▸ **Problem to work on**
Exact copy, no pictures: output each line below as it stands.

==============================

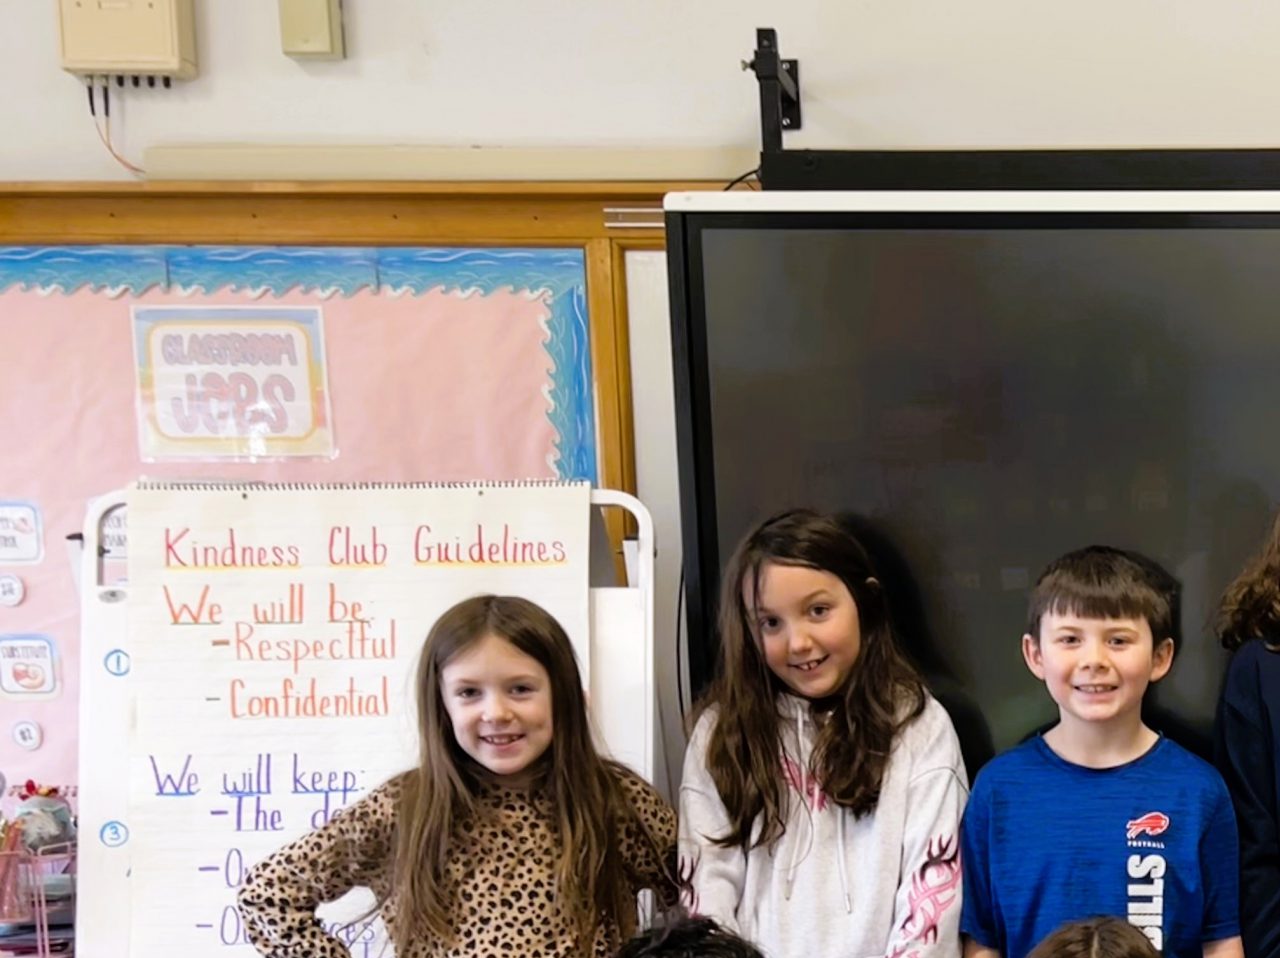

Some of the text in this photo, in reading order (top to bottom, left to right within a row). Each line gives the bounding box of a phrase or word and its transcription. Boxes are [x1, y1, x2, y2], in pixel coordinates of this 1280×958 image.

[170, 372, 296, 434] JOBS
[164, 525, 567, 567] Kindness Club Guidelines
[163, 585, 222, 624] We
[254, 583, 304, 624] will
[150, 754, 200, 795] We
[221, 753, 272, 796] will
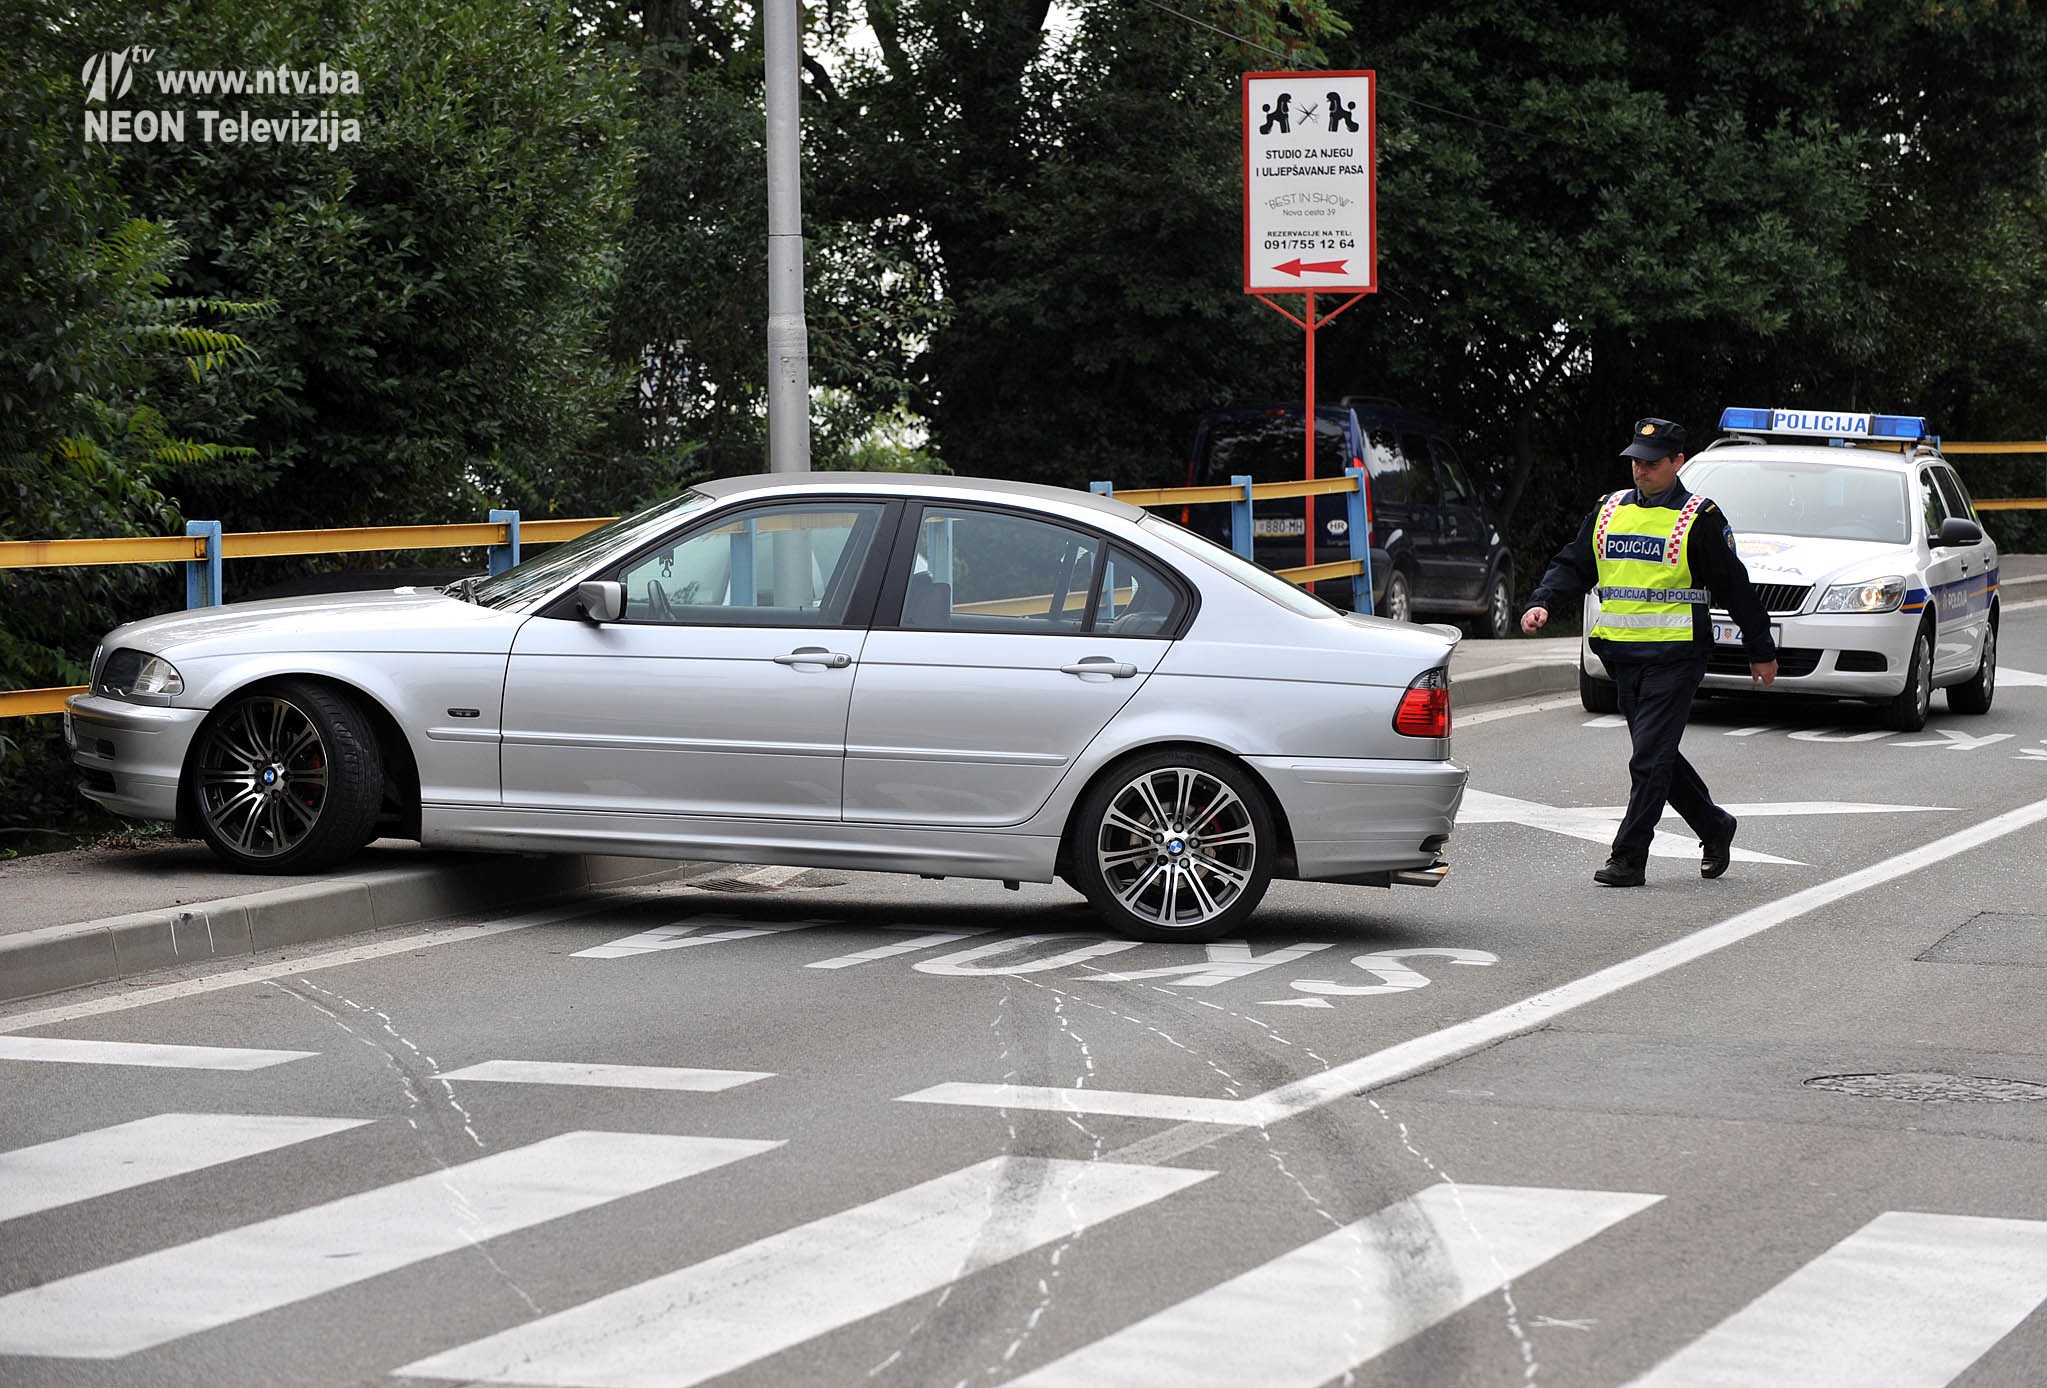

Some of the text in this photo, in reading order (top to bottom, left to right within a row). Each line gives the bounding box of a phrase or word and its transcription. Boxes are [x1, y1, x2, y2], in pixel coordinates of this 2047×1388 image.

==============================

▸ **Output for this exercise**
Some of the text in this photo, in reading order (top to bottom, left to right within a row). Each line gives the bounding box of a phrase or word and its transcription. Boxes are [x1, y1, x2, y2], in pixel coordinates of this 1280×958 image.

[170, 372, 296, 434] JOBS
[164, 525, 567, 567] Kindness Club Guidelines
[163, 585, 222, 624] We
[254, 583, 304, 624] will
[150, 754, 200, 795] We
[221, 753, 272, 796] will

Some of the text in this photo, in reading order (top to bottom, left to right within a row). Each line gives the bounding box of a phrase or word and its transcription. Boxes are [x1, y1, x2, y2], in pixel coordinates of this 2047×1388 image.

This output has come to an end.